In Exercises 22-27 reword each sentance, using the negation of the conclusion, so that it becomes a statement assumed to be true in non-Euclidean geometry.
22. If a straight line intersects one of two parallel lines, it will always intersect the other.
Solution: If a straight line intersects one of two parallel lines, it will not always intersect the other.
23. Straight lines parallel to the same straight line are always parallel to one another.
Solution:Straight lines parallel to the same straight line are sometimes parallel to one another .
24.There exists one triangle for which the sum of the measures of the angles is \pi radians.
Solution:There does not exist a triangle for which the sum of the measures of the angles is \pi radians.
25. There exists a pair of similar but noncongruent triangles.
Solution:There does not exist a pair of similar but noncongruent triangles.
26. There exists a pair of straight lines the same distance apart at every point.
Solution:There does not exist a pair of straight lines the same distance apart at every point.
27. It is always possible to pass a circle through three noncollinear points.
Solution:It is not always possible to pass a circle through three noncollinear points.
28. If a straight line intersects one of two parallel lines, it will always intersect the other. Prove that this is equivalent to Euclid's fifth postulate.

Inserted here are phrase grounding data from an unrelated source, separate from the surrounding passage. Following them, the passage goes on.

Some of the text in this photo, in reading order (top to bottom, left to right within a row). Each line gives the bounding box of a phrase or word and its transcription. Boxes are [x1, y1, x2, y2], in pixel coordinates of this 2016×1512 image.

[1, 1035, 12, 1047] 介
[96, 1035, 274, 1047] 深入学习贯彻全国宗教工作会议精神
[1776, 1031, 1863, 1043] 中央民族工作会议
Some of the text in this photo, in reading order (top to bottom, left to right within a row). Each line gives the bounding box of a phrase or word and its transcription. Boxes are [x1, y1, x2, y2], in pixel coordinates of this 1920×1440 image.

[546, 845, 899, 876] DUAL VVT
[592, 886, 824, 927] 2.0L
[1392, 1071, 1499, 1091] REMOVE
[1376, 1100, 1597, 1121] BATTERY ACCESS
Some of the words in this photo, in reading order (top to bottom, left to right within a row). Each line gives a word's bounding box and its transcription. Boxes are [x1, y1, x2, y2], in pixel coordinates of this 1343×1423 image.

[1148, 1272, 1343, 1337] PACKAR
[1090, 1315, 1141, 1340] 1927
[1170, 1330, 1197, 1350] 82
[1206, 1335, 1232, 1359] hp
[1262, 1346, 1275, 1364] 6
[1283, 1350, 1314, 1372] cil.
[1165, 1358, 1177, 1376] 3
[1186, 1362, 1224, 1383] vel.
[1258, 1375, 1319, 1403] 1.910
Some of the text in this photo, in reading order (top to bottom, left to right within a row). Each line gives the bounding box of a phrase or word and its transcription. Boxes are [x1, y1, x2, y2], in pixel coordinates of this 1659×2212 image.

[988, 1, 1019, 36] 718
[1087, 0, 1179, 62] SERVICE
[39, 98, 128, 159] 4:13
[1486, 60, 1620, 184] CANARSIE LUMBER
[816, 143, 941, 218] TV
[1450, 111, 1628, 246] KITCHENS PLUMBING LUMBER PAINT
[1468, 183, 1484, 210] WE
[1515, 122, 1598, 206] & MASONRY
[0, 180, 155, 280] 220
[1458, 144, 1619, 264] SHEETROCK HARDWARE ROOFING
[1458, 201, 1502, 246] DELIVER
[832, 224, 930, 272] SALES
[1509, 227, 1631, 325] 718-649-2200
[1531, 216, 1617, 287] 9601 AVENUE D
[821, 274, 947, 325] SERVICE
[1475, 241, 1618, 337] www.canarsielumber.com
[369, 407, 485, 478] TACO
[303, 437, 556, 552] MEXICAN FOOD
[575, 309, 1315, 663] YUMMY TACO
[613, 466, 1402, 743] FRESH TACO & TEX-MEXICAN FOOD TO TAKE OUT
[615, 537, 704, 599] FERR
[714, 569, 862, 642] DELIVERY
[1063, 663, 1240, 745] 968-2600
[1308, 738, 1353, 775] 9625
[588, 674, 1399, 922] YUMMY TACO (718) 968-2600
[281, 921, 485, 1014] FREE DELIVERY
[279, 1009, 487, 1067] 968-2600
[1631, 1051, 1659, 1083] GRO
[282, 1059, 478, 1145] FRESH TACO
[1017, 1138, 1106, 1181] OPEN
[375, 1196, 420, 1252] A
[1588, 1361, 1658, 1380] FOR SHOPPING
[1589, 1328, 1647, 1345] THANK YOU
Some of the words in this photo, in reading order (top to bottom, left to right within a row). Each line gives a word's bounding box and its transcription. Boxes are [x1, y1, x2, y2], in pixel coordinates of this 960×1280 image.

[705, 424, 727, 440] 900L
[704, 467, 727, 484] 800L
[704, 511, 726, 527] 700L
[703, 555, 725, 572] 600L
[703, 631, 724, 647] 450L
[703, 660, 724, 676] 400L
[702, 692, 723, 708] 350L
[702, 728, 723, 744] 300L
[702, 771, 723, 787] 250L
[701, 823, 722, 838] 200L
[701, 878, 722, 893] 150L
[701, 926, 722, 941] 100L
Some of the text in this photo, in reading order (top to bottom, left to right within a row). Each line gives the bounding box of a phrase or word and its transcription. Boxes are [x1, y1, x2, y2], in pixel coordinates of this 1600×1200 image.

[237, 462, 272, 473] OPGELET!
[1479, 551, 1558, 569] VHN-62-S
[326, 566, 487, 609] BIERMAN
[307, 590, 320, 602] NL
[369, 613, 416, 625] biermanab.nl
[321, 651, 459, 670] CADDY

Solution:We will use the Playfair form of the Euclidean fifth postulate. Suppose that lines l and k are parallel and line m intersects k at a point P. If m does not intersect l, then m is parallel to l. This would mean that there are two parallels to l through P (m and k), contradicting Playfair's axiom. Thus, m must also intersect l.
Now, let P be a point and l a line not through P. As in the first part of exercise 20, we can construct a line parallel to l through P, call it k. Let m be any other line through P. Since it intersects one of two parallel lines (k), it must intersect the other (l) by assumption. Thus, there is only one line through P which is parallel to l.